Minha tia nem é tão mais velha que eu. Ela é temporã. Nossa diferença é só de treze anos. 

Ela era tri minha amiga. Eu era bem moleca, e ela, em geral, brincava comigo e me apoiava até o fim da adolescência dela. 

Depois ela começou a trabalhar, e depois eu é que me tornei uma adolescente meio rebelde. 

Quando eu me tornei adulta, casei, tive filho, descasei, nós meio que voltamos às boas. Trocando mensagens. Se encontrando uma ou duas vezes por mês para tomar um chá ou um café.

Faz uns anos que ela se tornou meio reacionária. 

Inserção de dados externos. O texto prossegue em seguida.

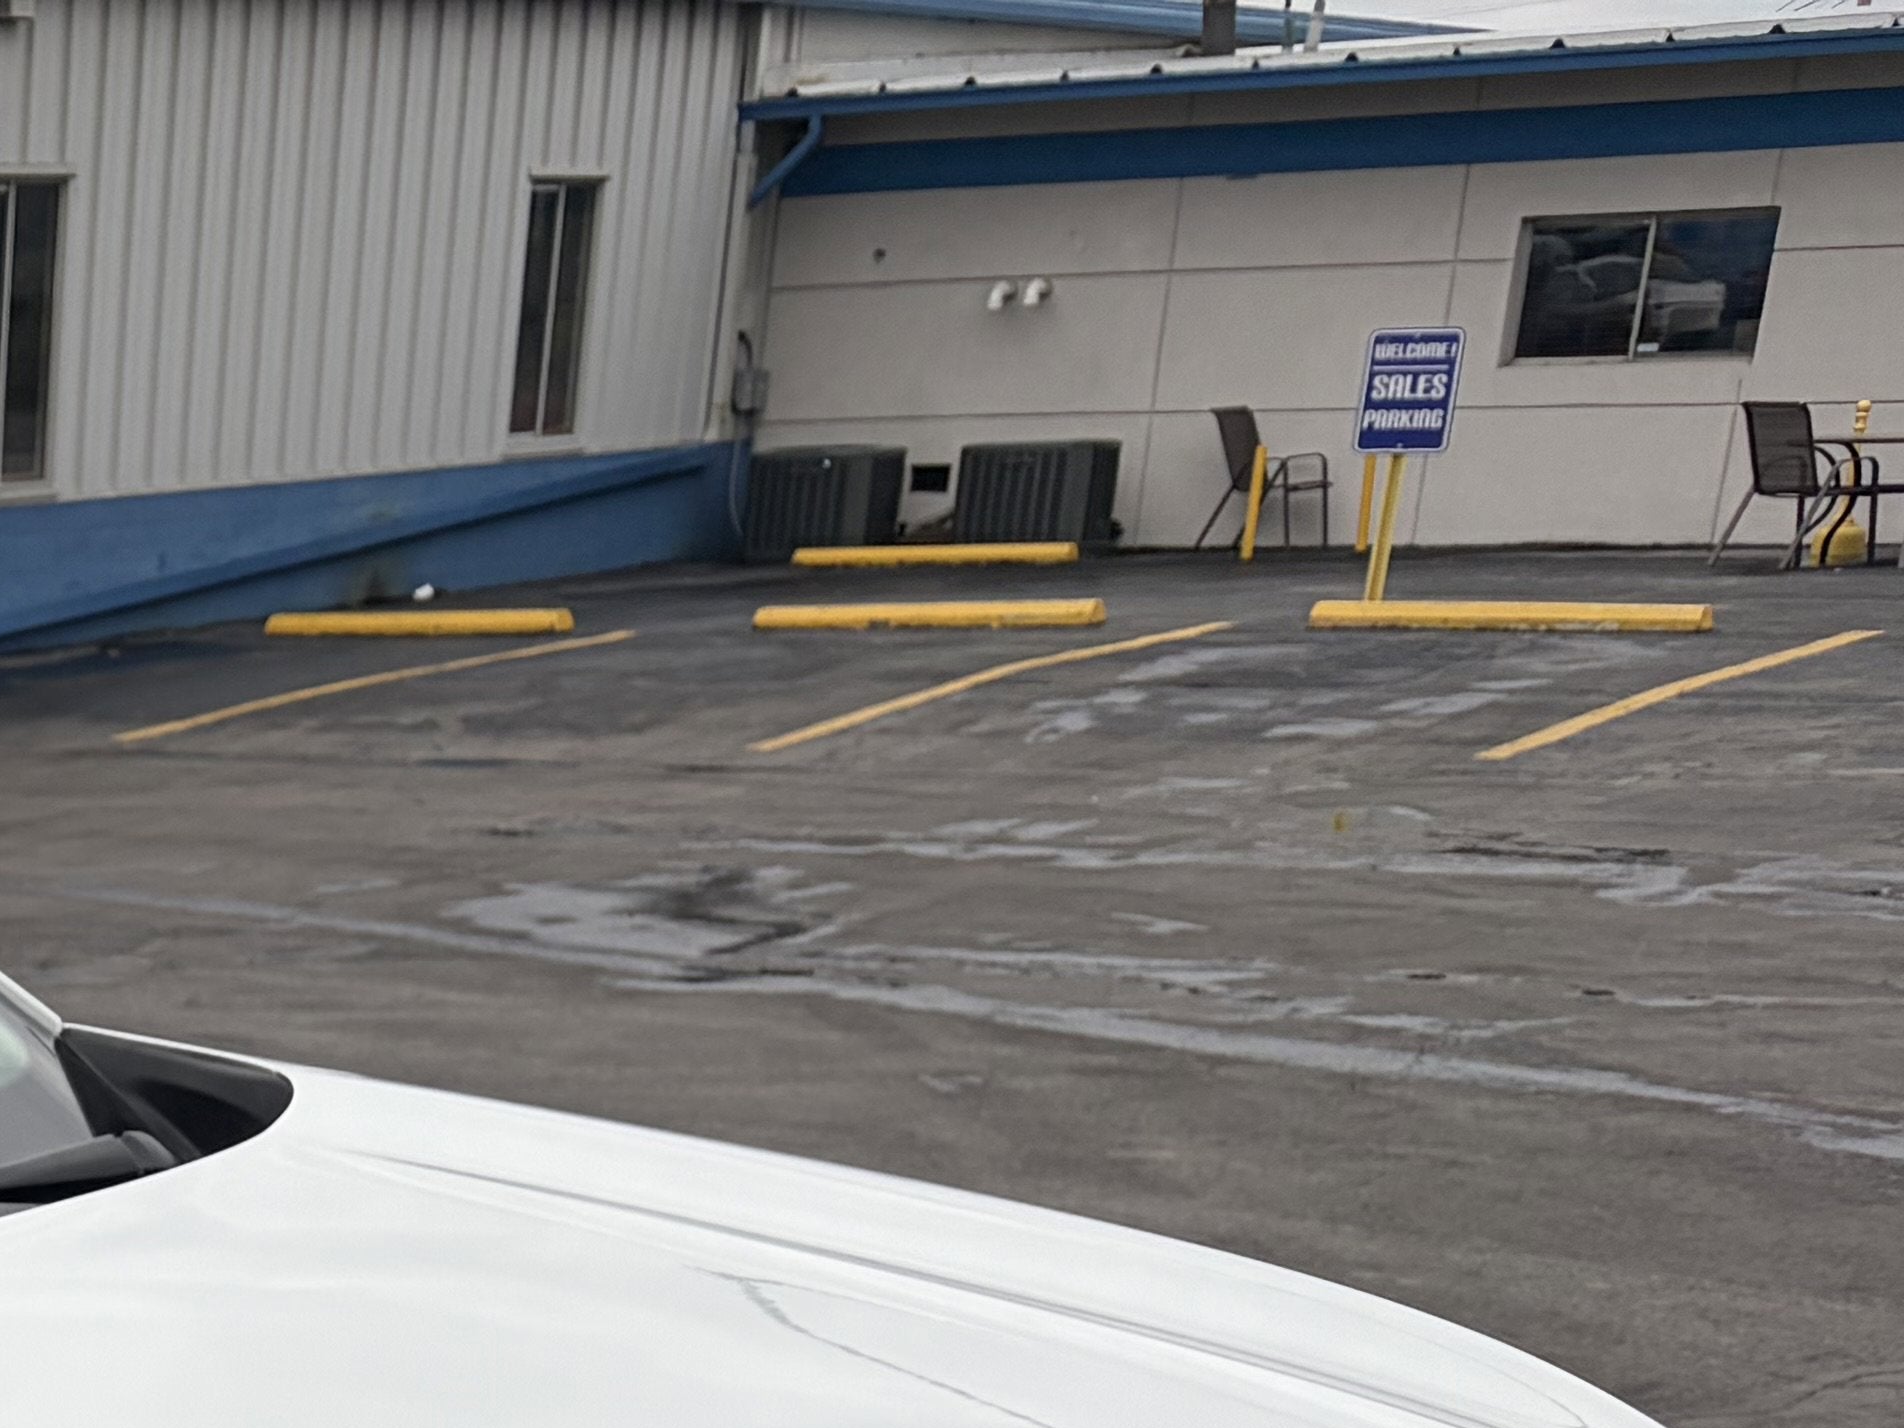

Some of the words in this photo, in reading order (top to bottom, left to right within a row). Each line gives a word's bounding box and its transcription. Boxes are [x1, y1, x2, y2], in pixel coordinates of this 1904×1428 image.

[1374, 341, 1458, 360] WELCOME!
[1370, 373, 1449, 401] SALES
[1361, 407, 1446, 431] PARKING
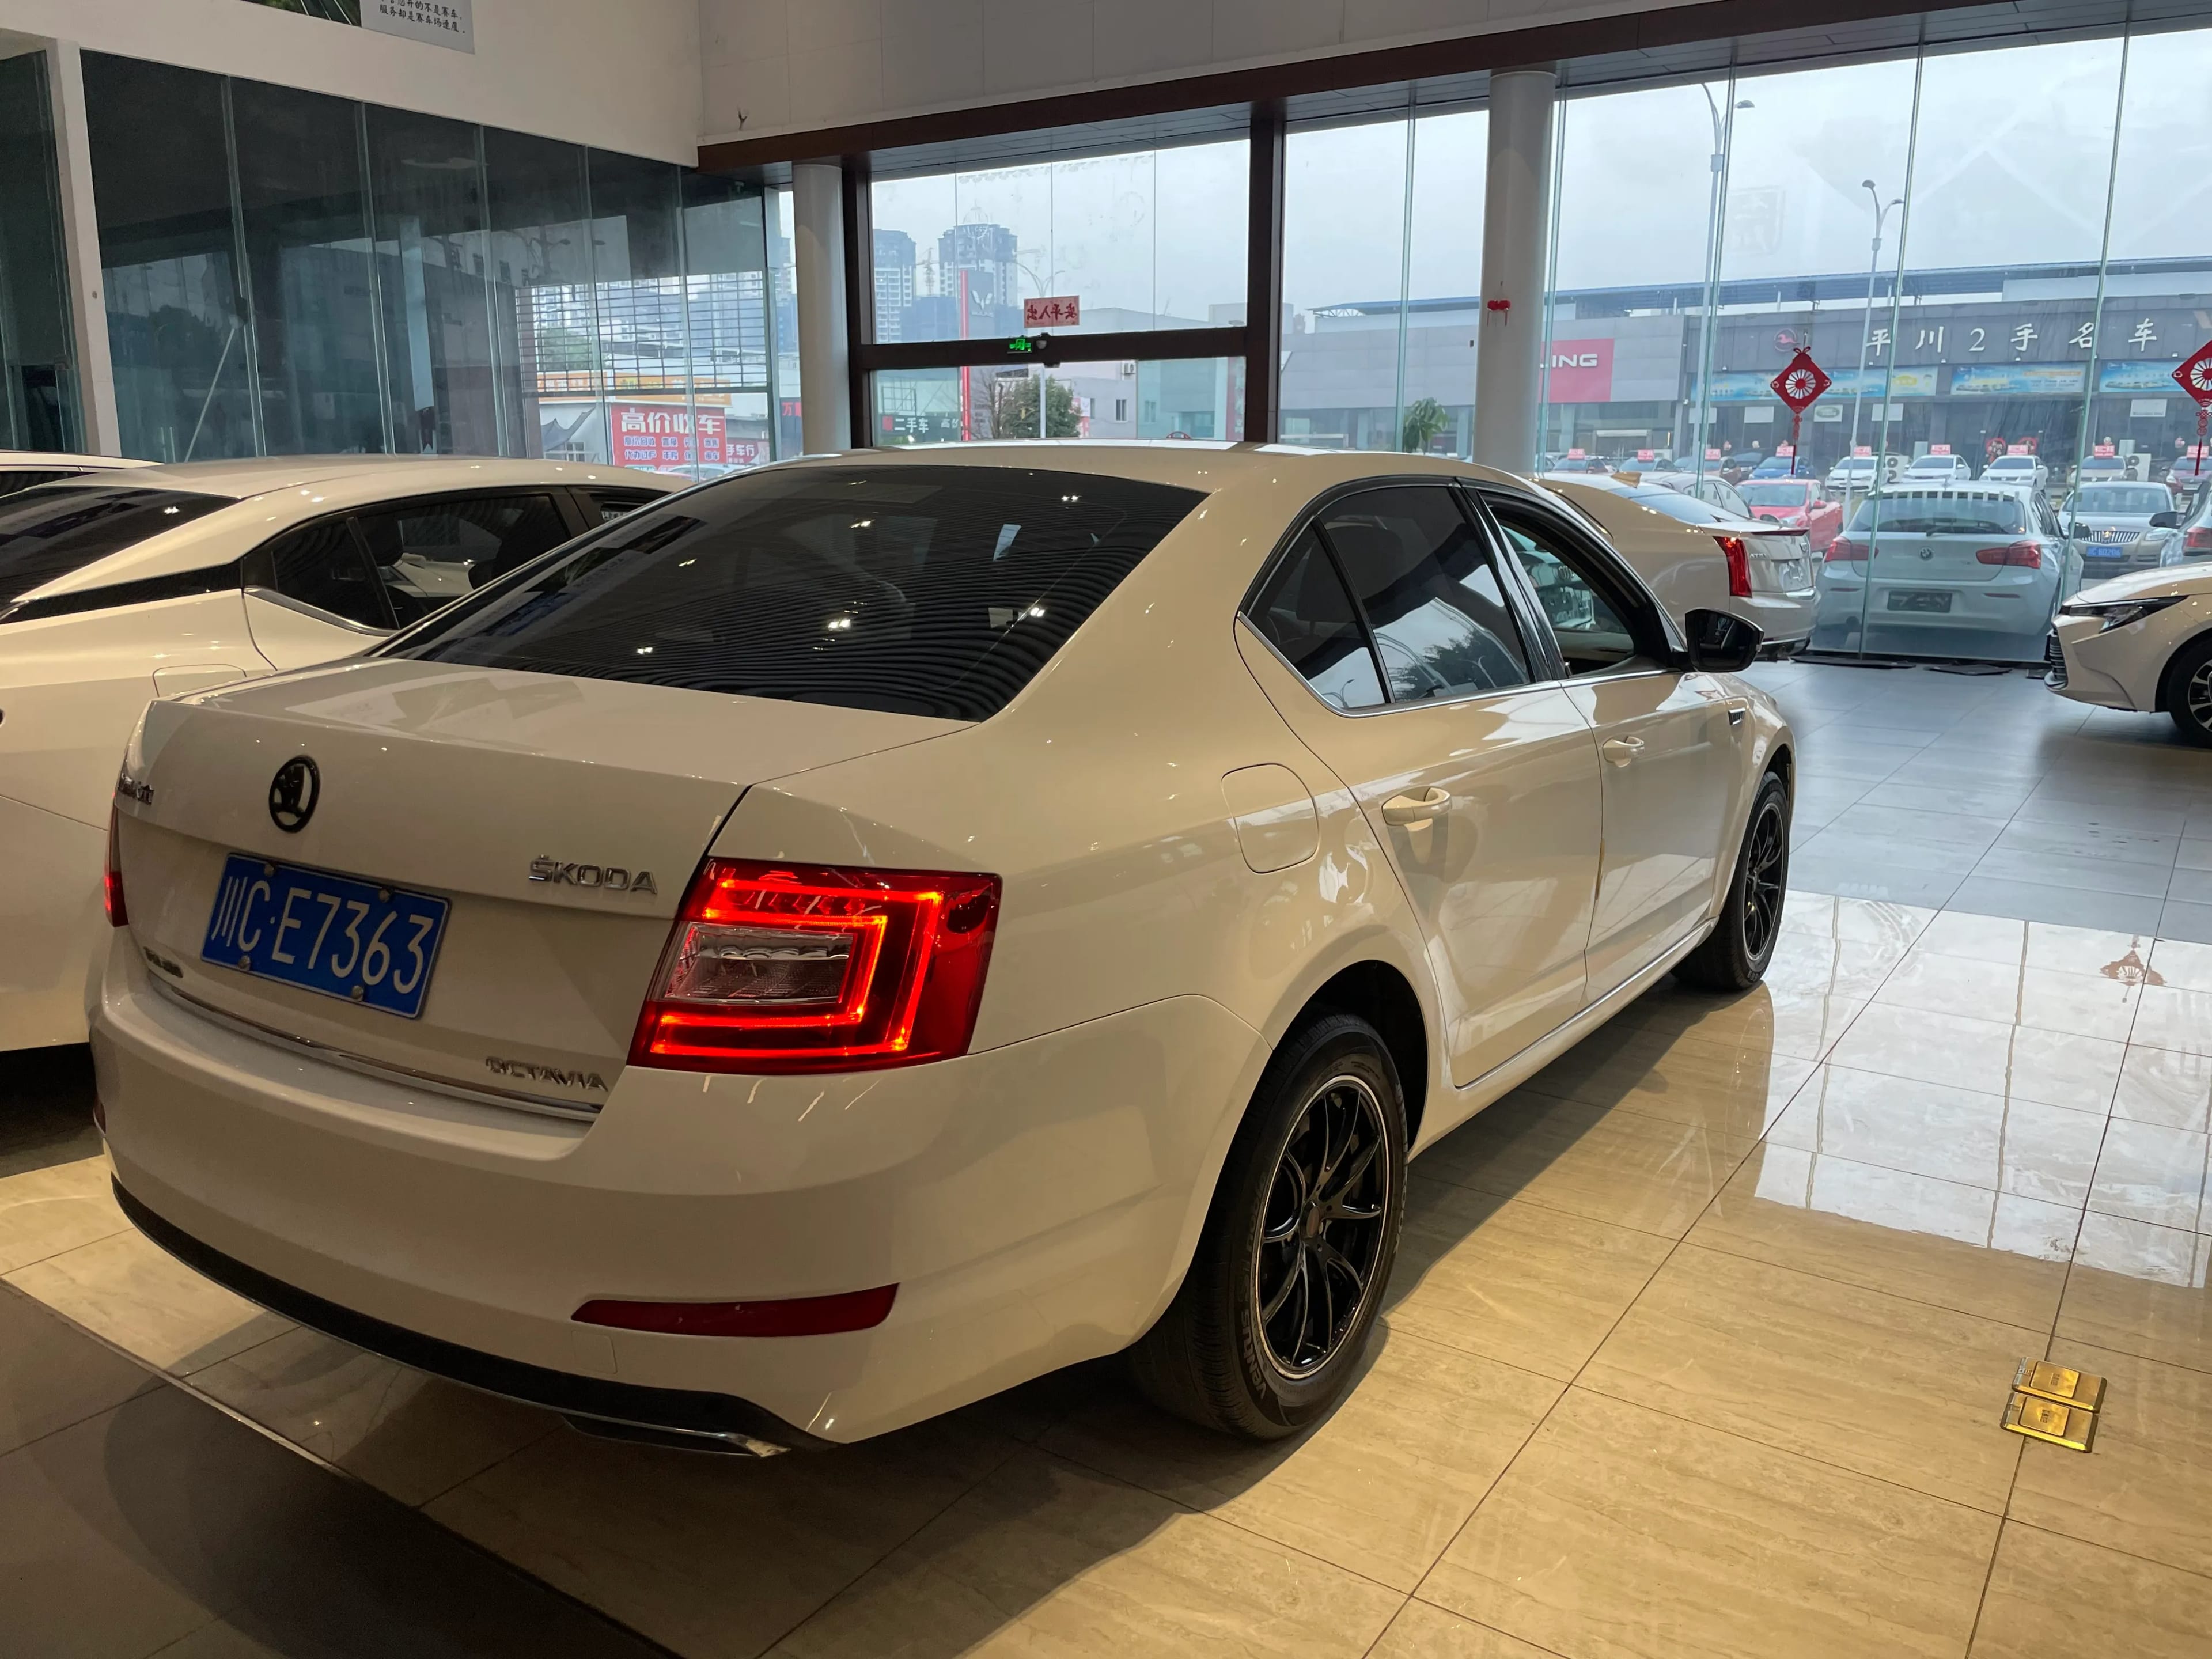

O que eu acho bem estranho. Era comentário a boca pequena na família que titia se prostituía. Uma vez, em um desses nossos encontros joguei verde, para ver se colhia maduro. Colhi. Ela falou que sim, que foi garota de programa por um tempo, afinal era o que melhor pagava, segundo ela. Depois, como o tempo é cruel, ela percebeu que cada vez menos clientes a procuravam, e resolveu trabalhar com todo tipo de tratamento estético. Manicure, pedicure, corte de cabelo, depilação, massoterapia. Mas manteve um portfólio de clientes que se mantiveram, assim, fiéis. Complemento de renda, como ela dizia e como dizem os especialistas. 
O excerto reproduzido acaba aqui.